§ WORK TASK
The entries that follow must be given again exactly, with no pictures kept.

§ MATERIAL PROVIDED
==============================

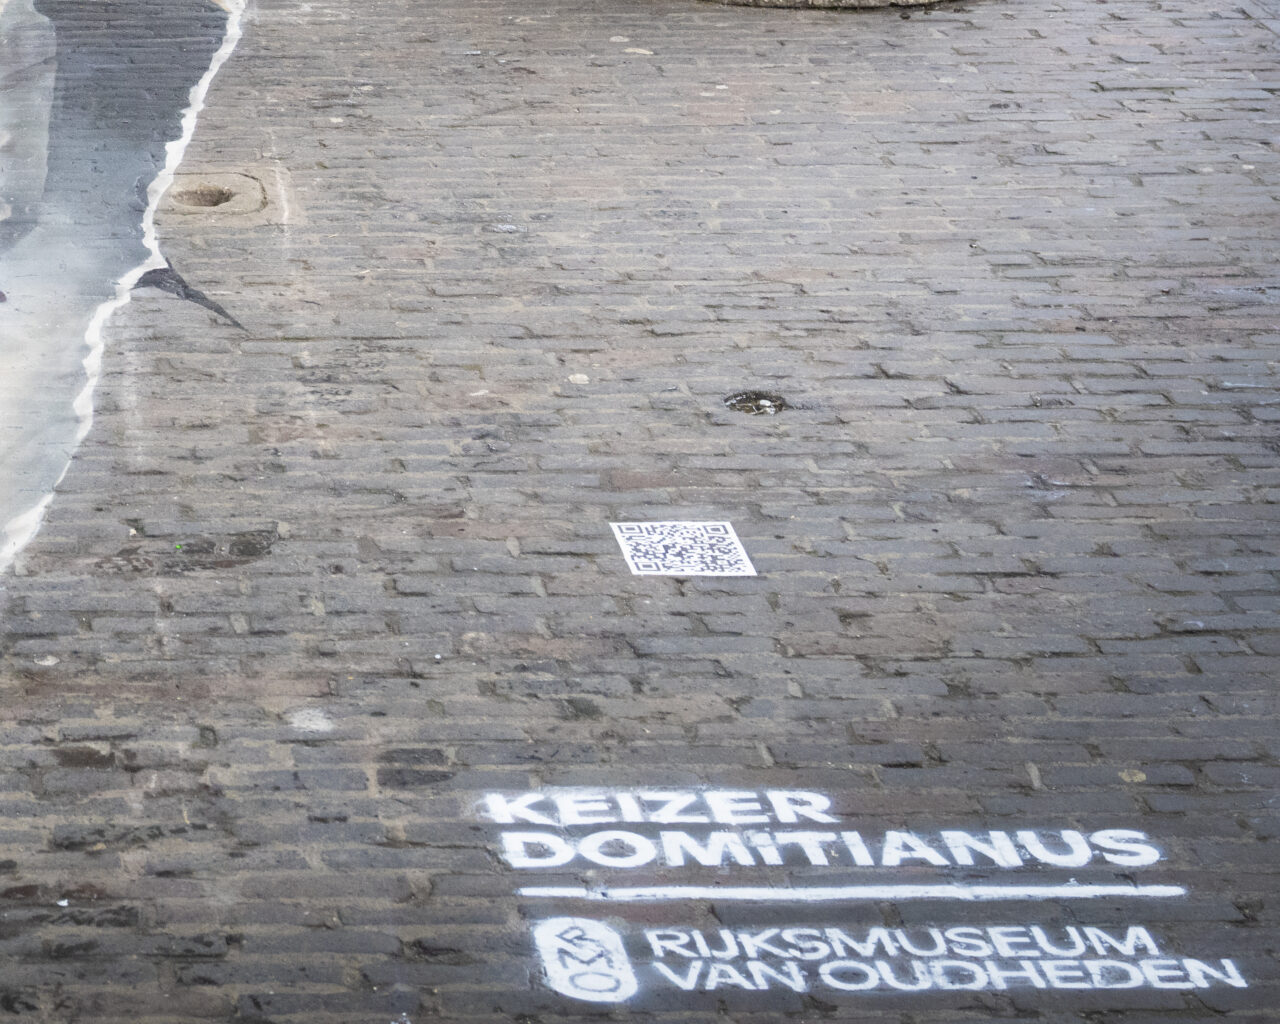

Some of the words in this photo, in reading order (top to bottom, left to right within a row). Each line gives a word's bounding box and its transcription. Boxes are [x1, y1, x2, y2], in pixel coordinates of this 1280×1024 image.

[485, 789, 841, 825] KEIZER
[644, 926, 1160, 961] RIJKSMUSEUM
[653, 959, 811, 993] VAN
[819, 957, 1249, 992] OUDHEDEN
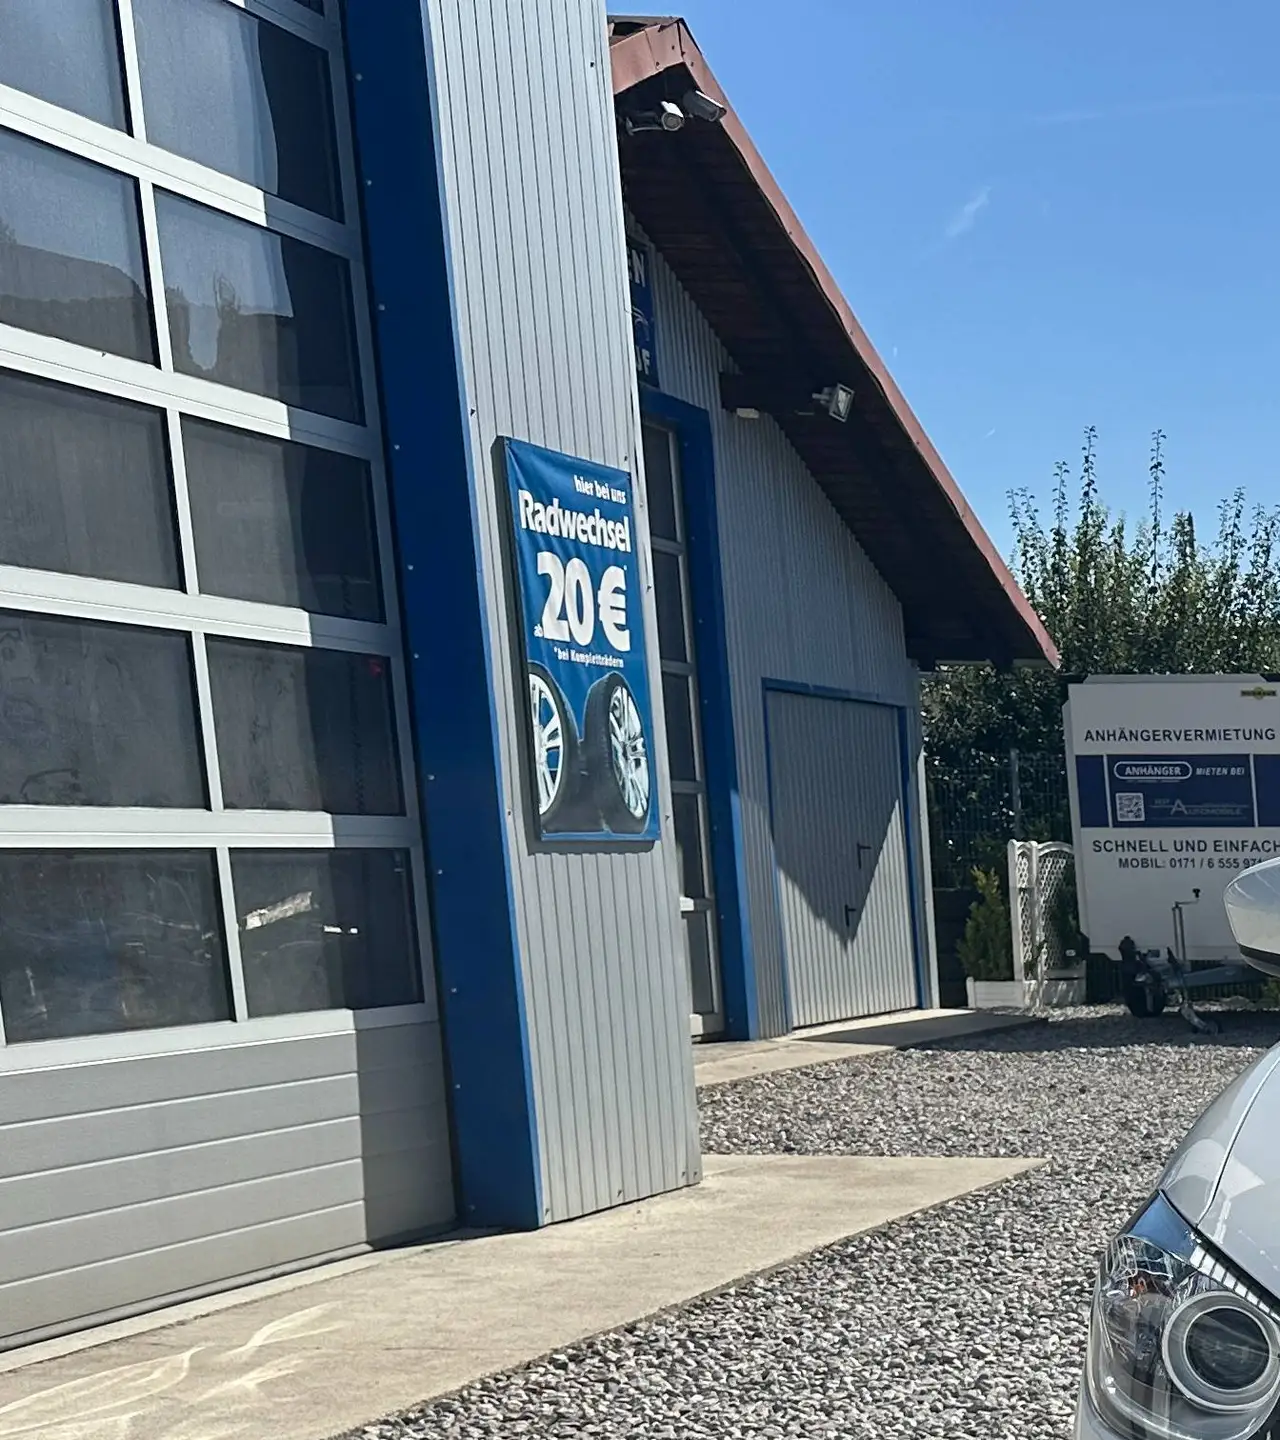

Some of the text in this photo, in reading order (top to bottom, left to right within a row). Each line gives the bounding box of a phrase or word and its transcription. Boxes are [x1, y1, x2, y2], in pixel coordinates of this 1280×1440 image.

[573, 474, 627, 505] hier bei uns
[518, 488, 632, 553] Radwechsel
[537, 551, 595, 646] 20
[1084, 726, 1276, 743] ANHÄNGERVERMIETUNG
[1125, 765, 1182, 776] ANHÄNGER
[1195, 766, 1228, 776] MIETEN
[1092, 839, 1169, 853] SCHNELL
[1173, 839, 1208, 853] UND
[1118, 857, 1165, 869] MOBIL:
[1169, 857, 1196, 869] 0171
[1207, 857, 1215, 869] 6
[1218, 857, 1240, 869] 555
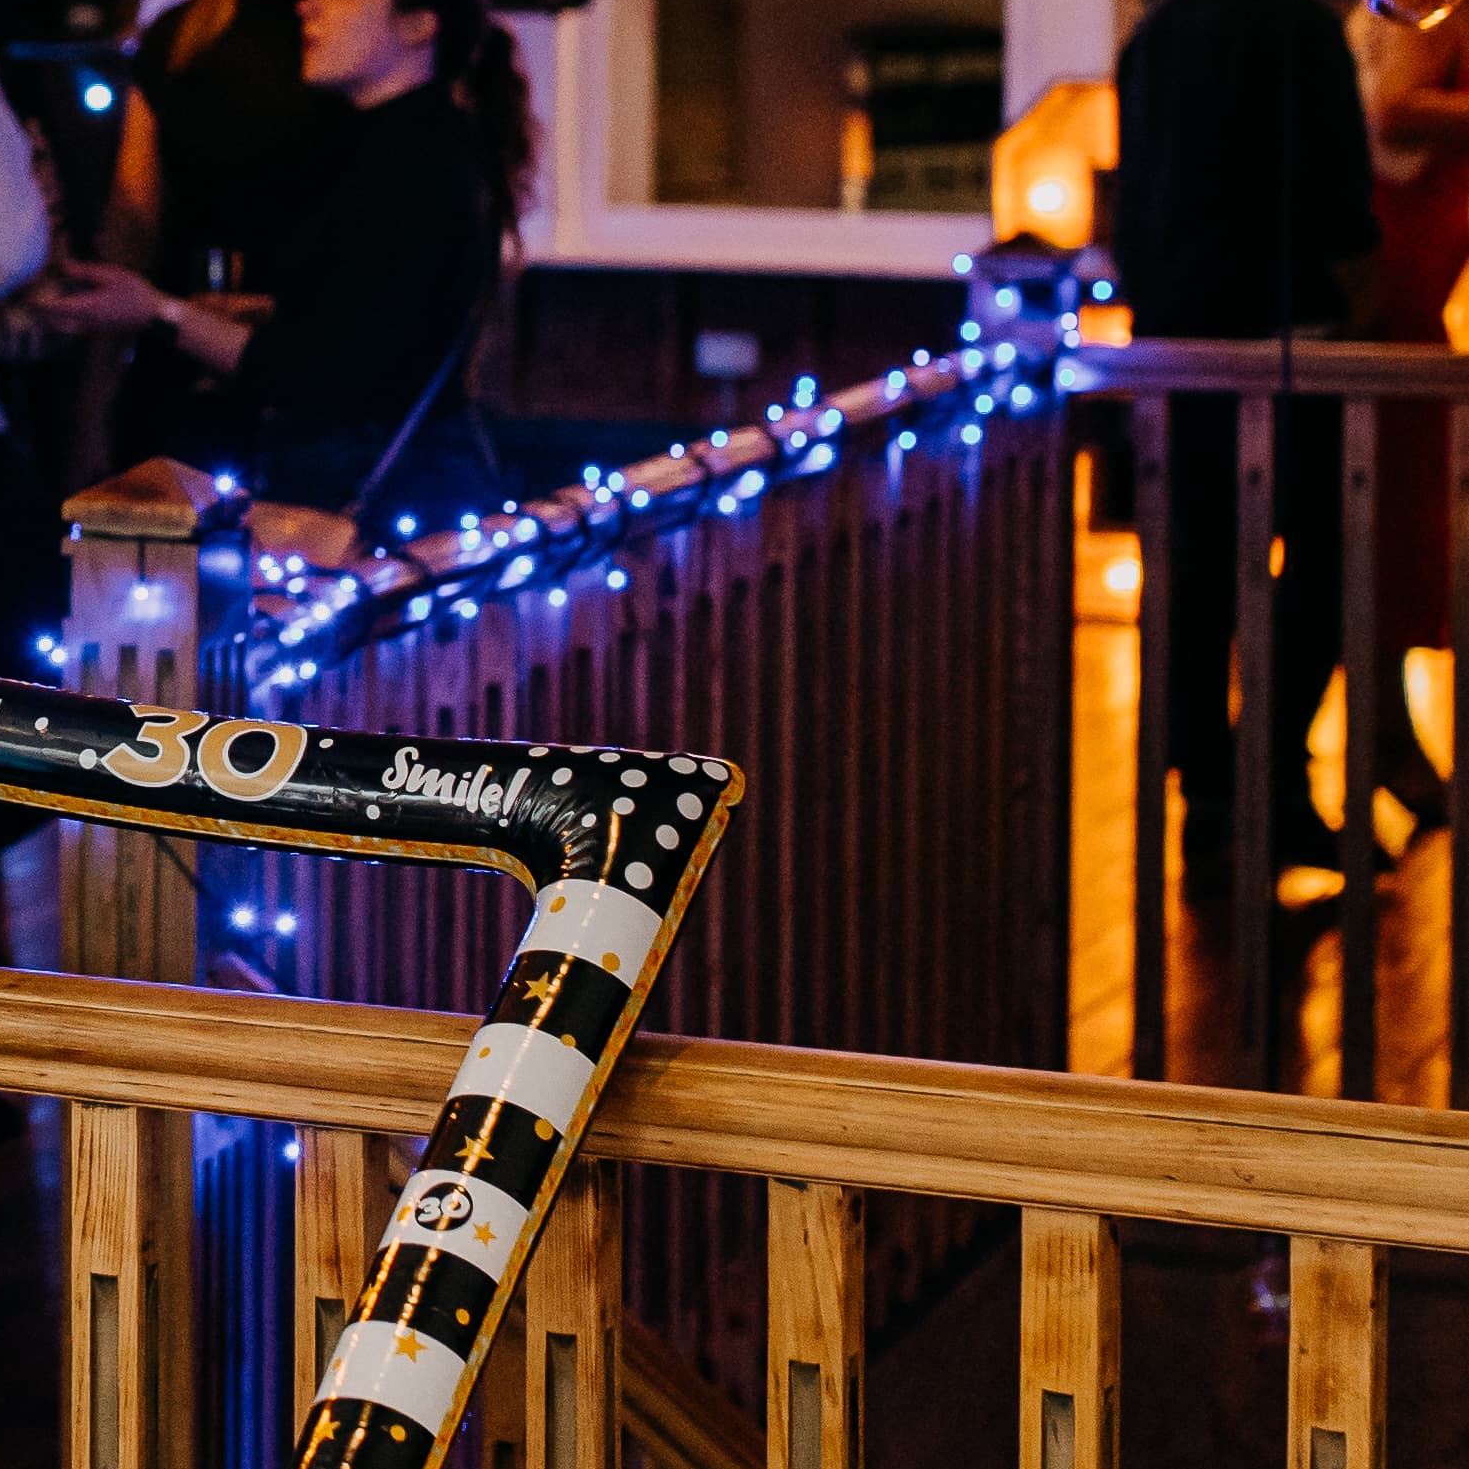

==============================

§ TASK RESPONSE
Some of the words in this photo, in reading order (top to bottom, left to right within a row). Each line gives a word's bounding box and its transcription. Boxes are [x1, y1, x2, y2], in pixel coordinates of this 1280×1024 image.

[485, 789, 841, 825] KEIZER
[644, 926, 1160, 961] RIJKSMUSEUM
[653, 959, 811, 993] VAN
[819, 957, 1249, 992] OUDHEDEN

Some of the text in this photo, in reading order (top to bottom, left to right within a row). Each line gives the bounding box of a phrase or word and its transcription. Boxes are [x1, y1, x2, y2], in pixel coordinates of this 1280×1440 image.

[573, 474, 627, 505] hier bei uns
[518, 488, 632, 553] Radwechsel
[537, 551, 595, 646] 20
[1084, 726, 1276, 743] ANHÄNGERVERMIETUNG
[1125, 765, 1182, 776] ANHÄNGER
[1195, 766, 1228, 776] MIETEN
[1092, 839, 1169, 853] SCHNELL
[1173, 839, 1208, 853] UND
[1118, 857, 1165, 869] MOBIL:
[1169, 857, 1196, 869] 0171
[1207, 857, 1215, 869] 6
[1218, 857, 1240, 869] 555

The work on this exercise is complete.